With a frequency of 0.5–1 in 100,000, vaginal cancer is a rare disease. It usually involves cancer of the mucous membrane (squamous cell carcinoma). Cancer of the gland cells (adenocarcinoma) or melanoma is sometimes behind vaginal cancer. The exact cause of the disease is largely unknown. Infections with particular types of the HPV virus are deemed to be a risk factor. The disease affects elderly women in particular.
Vaginal cancer does not cause any symptoms for a long time. A brownish-bloody discharge or bleeding after sexual intercourse can be indications of vaginal cancer. Such symptoms should therefore be clarified at the gynaecologist. However, they are usually only harmless and not caused by cancer. If a patient has advanced vaginal cancer, they may have pain in the lower abdomen or difficulties when urinating and defecating.
Vaginal cancer is diagnosed with a gynaecological examination and with a vaginal endoscopy, which involves taking tissue samples of suspicious areas and examining them for cancerous cells. Ultrasound examinations and other procedures such as an MRI or computed tomography are also used as a form of clarification.

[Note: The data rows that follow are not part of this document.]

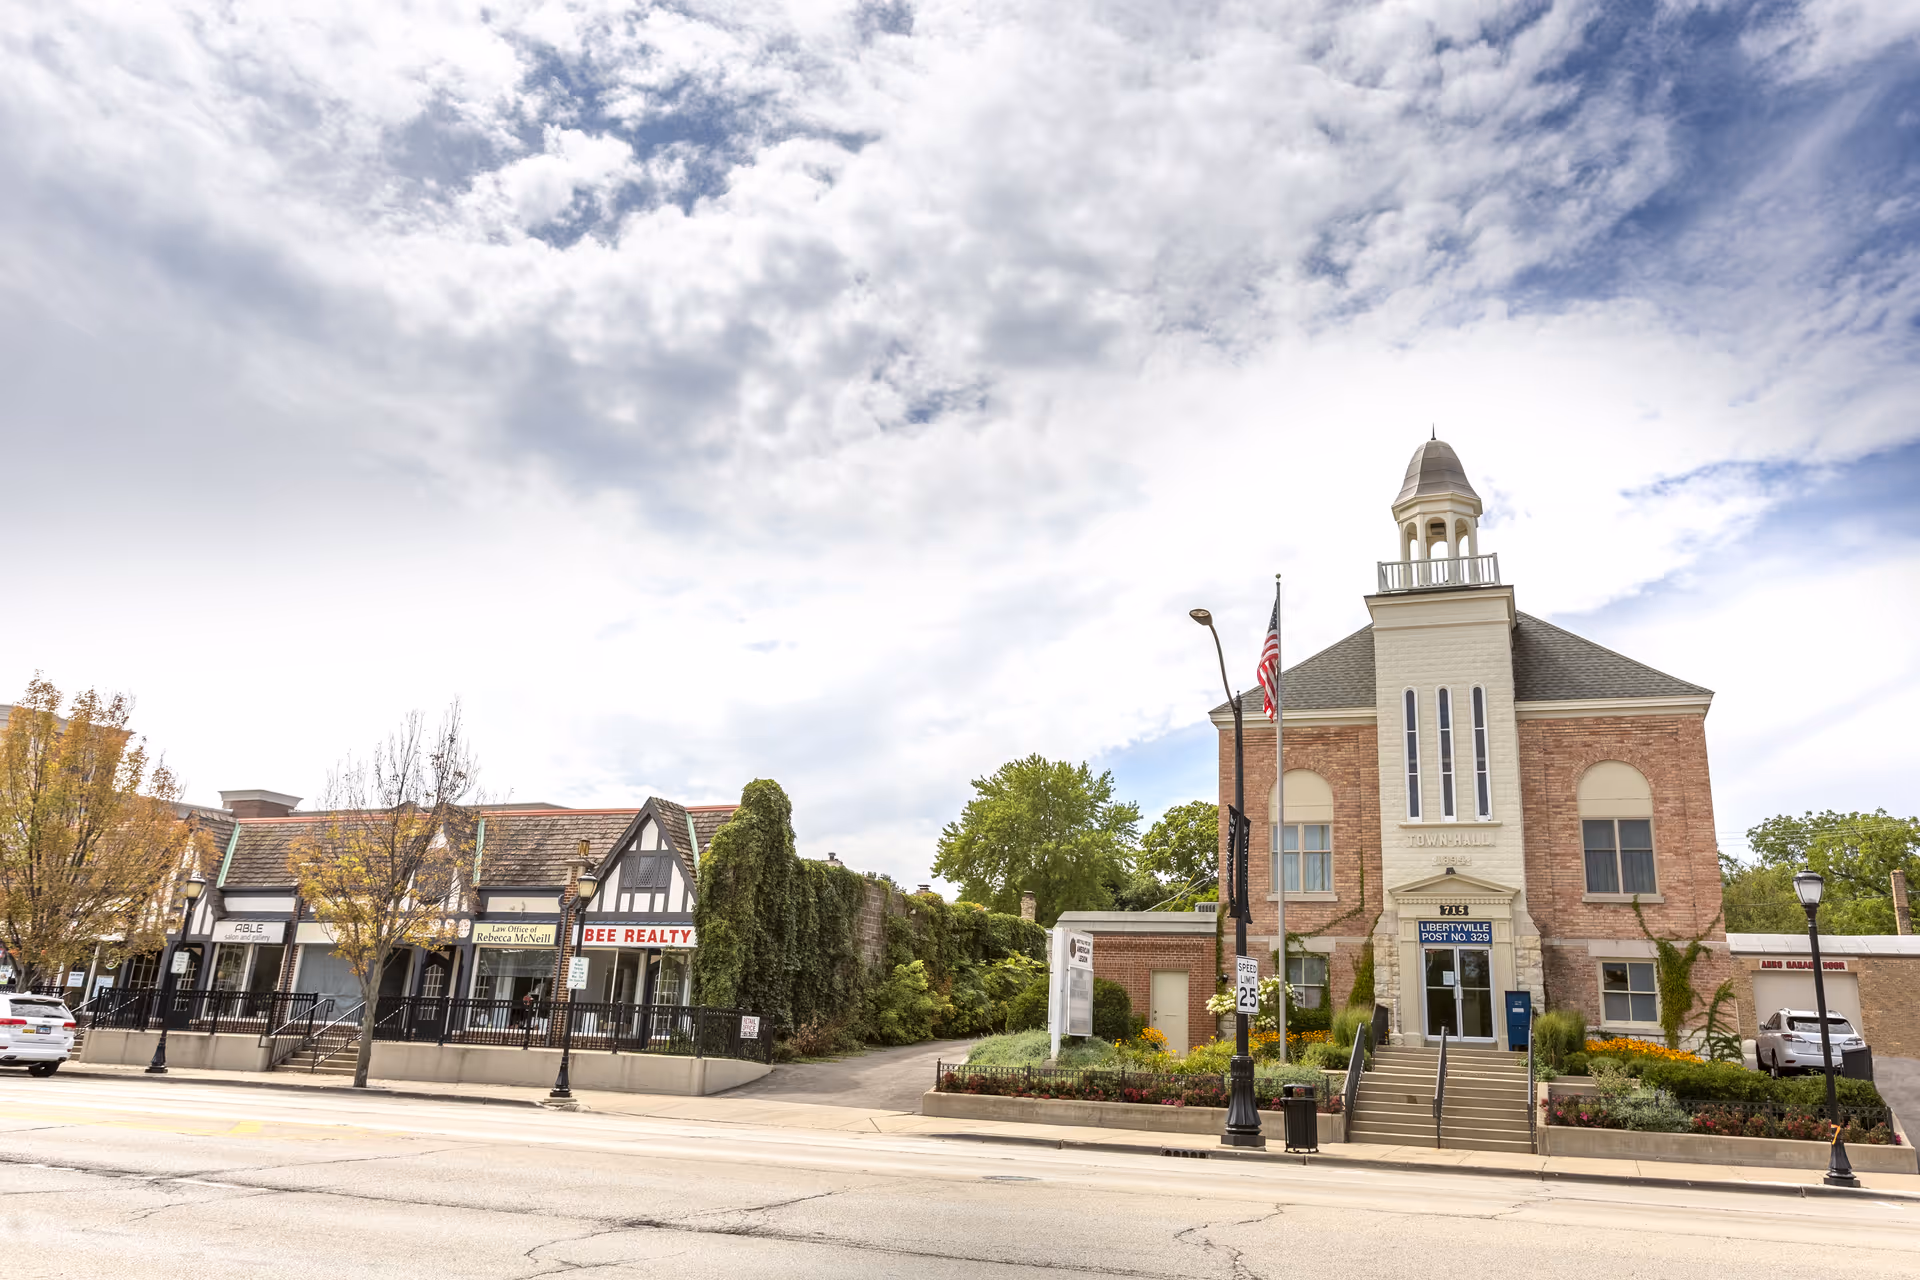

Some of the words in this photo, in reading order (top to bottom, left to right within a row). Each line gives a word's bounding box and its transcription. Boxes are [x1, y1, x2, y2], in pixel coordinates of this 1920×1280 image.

[1443, 906, 1465, 915] 715
[234, 923, 264, 933] ABLE
[492, 925, 506, 933] Law
[507, 925, 529, 934] Office
[530, 926, 538, 934] of
[1420, 923, 1490, 932] LIBERTYVILLE
[252, 934, 270, 942] gallery
[476, 932, 512, 943] Rebecca
[513, 933, 551, 944] McNeill
[584, 928, 617, 942] BEE
[624, 929, 692, 944] REALTY
[1422, 932, 1448, 941] POST
[1451, 932, 1468, 941] NO.
[1470, 933, 1490, 942] 329
[1238, 963, 1257, 973] SPEED
[1786, 961, 1814, 969] GARAG
[1822, 962, 1845, 970] DOOR
[1240, 975, 1255, 985] LIMIT
[1239, 986, 1256, 1008] 25

The treatment of vaginal cancer depends on the type of cancer and what stage it is in. If possible, the tumour will be surgically removed. Depending on how extensive the tumour is, the entire vagina must be removed in certain circumstances. You can find out more about the surgical treatment options in the vaginal surgery section. Radiotherapy is generally carried out after surgical treatment. Sometimes radiotherapy is also the only treatment option if surgery is not feasible. Chemotherapy does not make a difference in patients with vaginal cancer, unless there are melanomas involved.